Dans le Triangle d’or (Knightsbridge, Chelsea, South Kensington), la fourchette s’établit entre £1500 et £4500 du pied carré, soit 16 000 € le m² à 50 000 € le m². A noter que le secteur de Knightsbridge abritant le lycée français et… le célèbre magasin Harrods est pris d’assaut par les Français, qui s’installent de l’autre côté de la Manche.

 

L’optimisme persiste pour 2013 : croissance légèrement ralentie, mais un marché soutenu par une clientèle internationale importante composée de Russes, d’Indiens, d’Italiens et de Français.

Lorsque les étrangers s’installent à Londres, ils commencent souvent par louer avant d’acheter un toit. En revanche, Barnes note une baisse des prix à la location du fait de nombreux licenciements dans la City.

 

Marché plus hésitant en Suisse

 

Dans le canton de Genève comme dans celui de Vaud (Lausanne), le marché résidentiel des biens courants et haut de gamme commence à se tasser. « les prix restent toujours surévalués, les clients se montrent plus hésitants et au final, les transactions se réalisent moins rapidement », affirme Thibault de Saint Vincent, Président de Barnes.

 

Exemples :

-       une maison à Vandoeuvres : surface habitable d’environ 900 m² sur une parcelle de 3 240 m² - Fr. 19'500'000

-     une maison à Cologny : surface habitable de 500 m² sur une parcelle de 2 362 m² - Fr. 11'300'000

 

Chez nos voisins helvètes, le marché se subdivise en deux parties : jusqu’à CHF 5’000’000.- (environ 4 millions d’euros) : les achats sont effectués principalement par des résidents suisses.
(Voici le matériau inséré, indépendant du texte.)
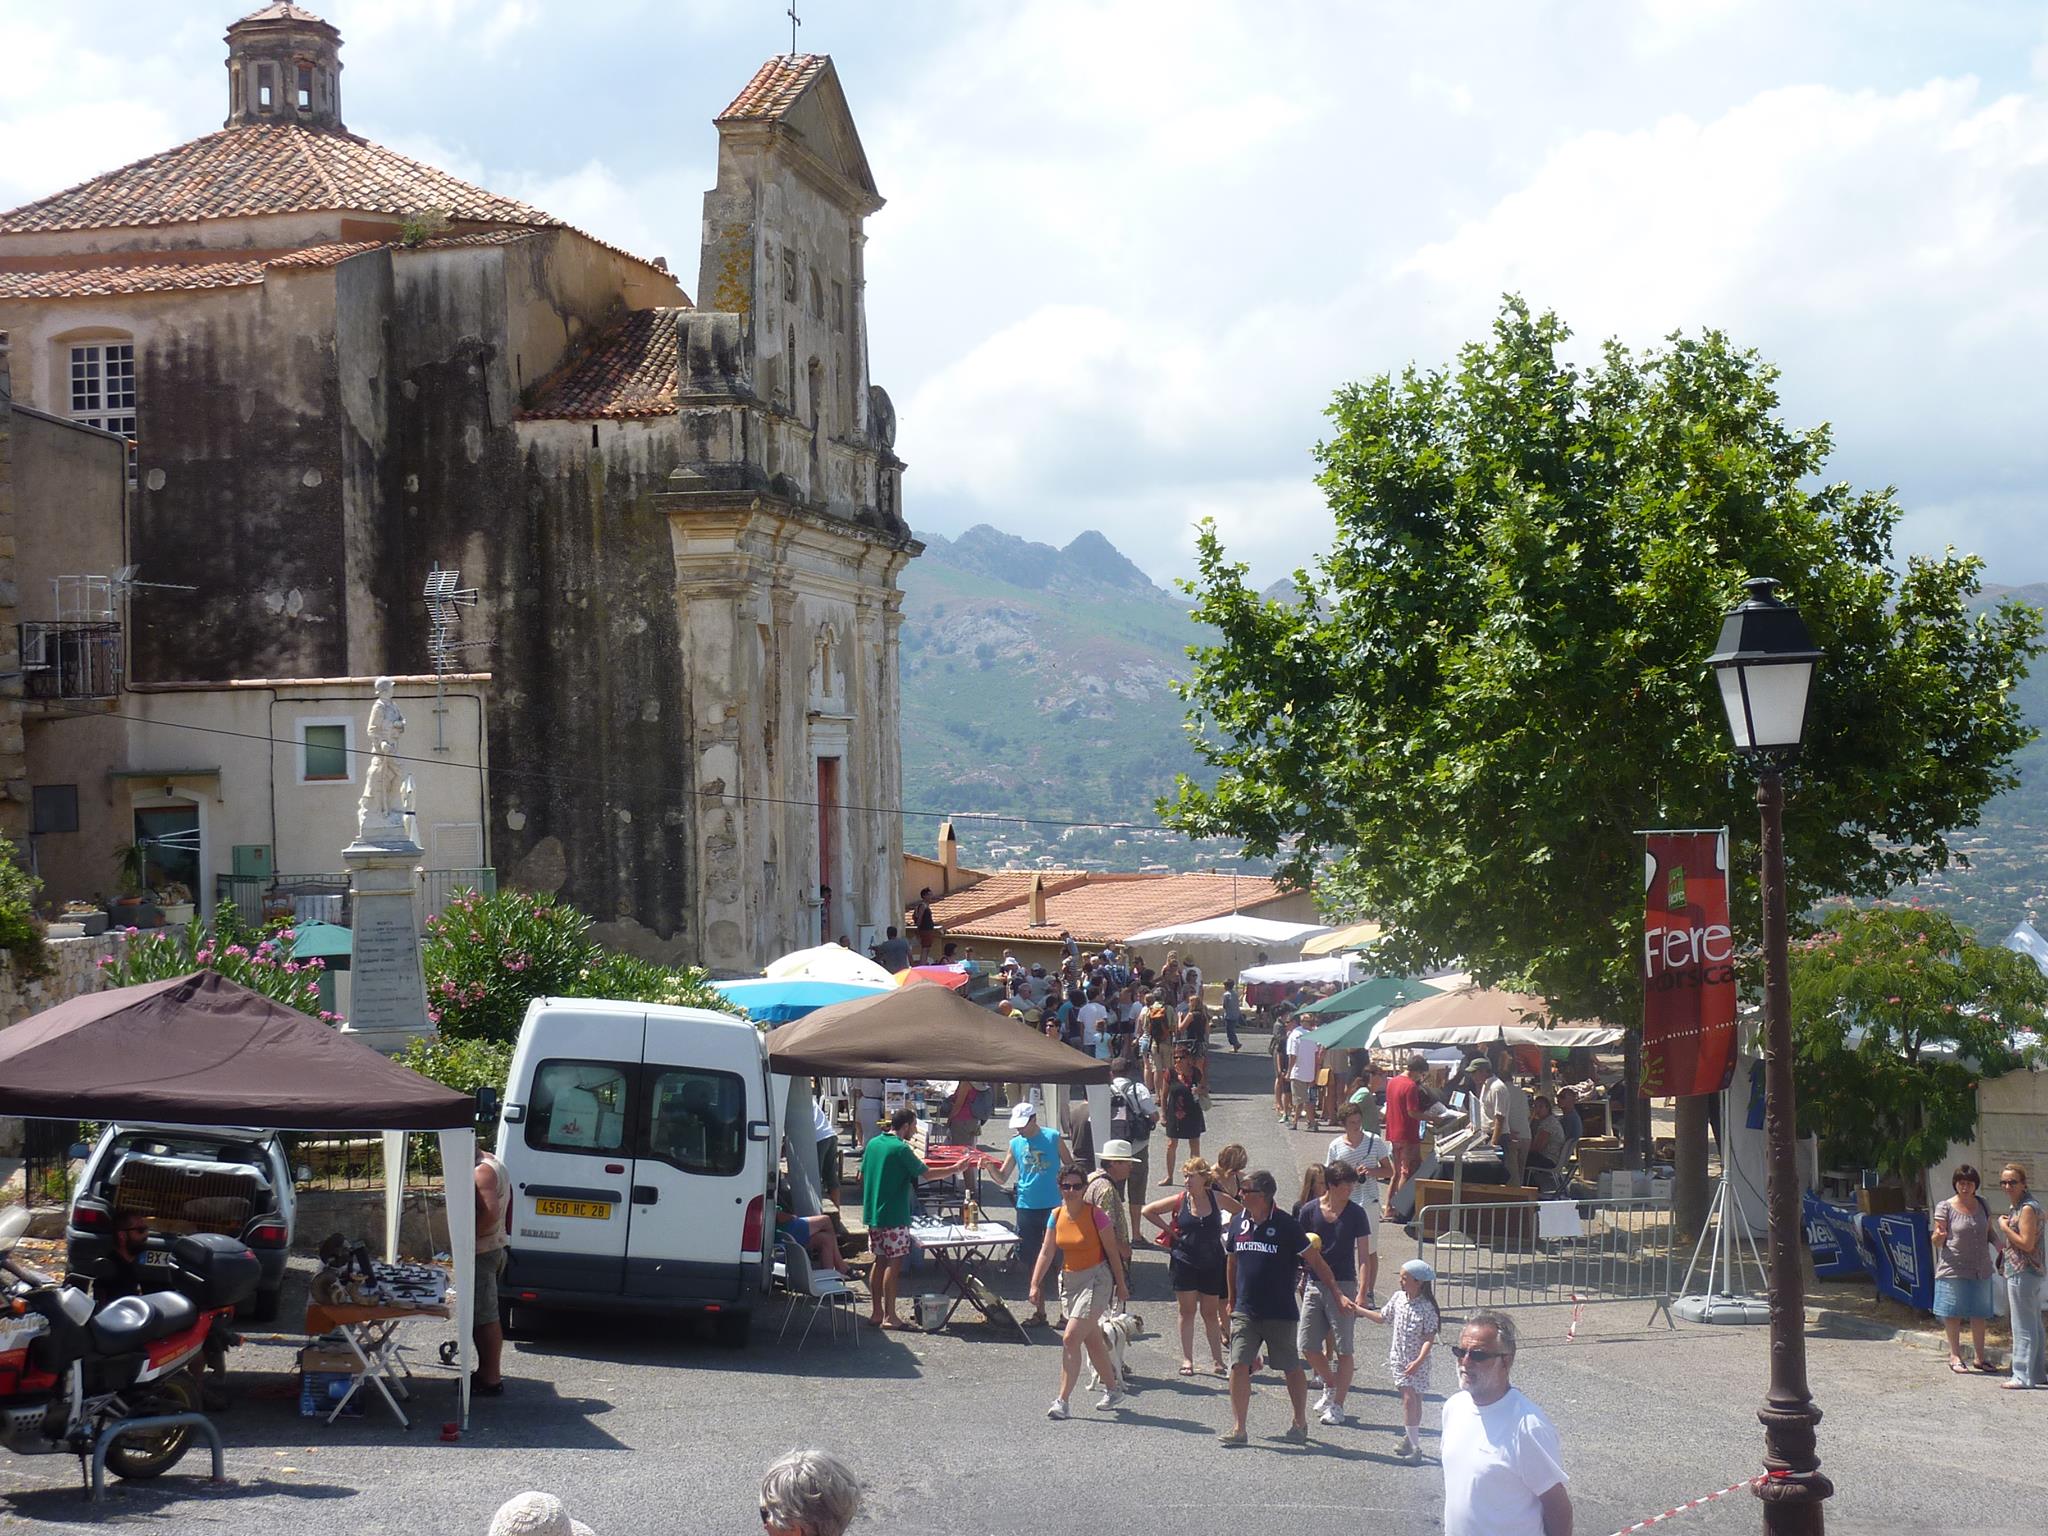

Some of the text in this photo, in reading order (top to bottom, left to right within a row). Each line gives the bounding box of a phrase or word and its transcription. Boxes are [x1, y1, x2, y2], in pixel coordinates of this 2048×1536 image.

Au-delà du seuil de CHF 5’000’000.- : les transactions sont le fait d’une clientèle internationale (85 %). Dans cette catégorie figurent des expatriés, des cadres dirigeants (multinationales, traders, banquiers, etc…) avec des salaires très largement supérieurs à la moyenne genevoise, des personnes bénéficiant de forfaits fiscaux (Français pour la plupart), des hauts fonctionnaires (Ambassades, Missions, organisations internationales) et Fondations.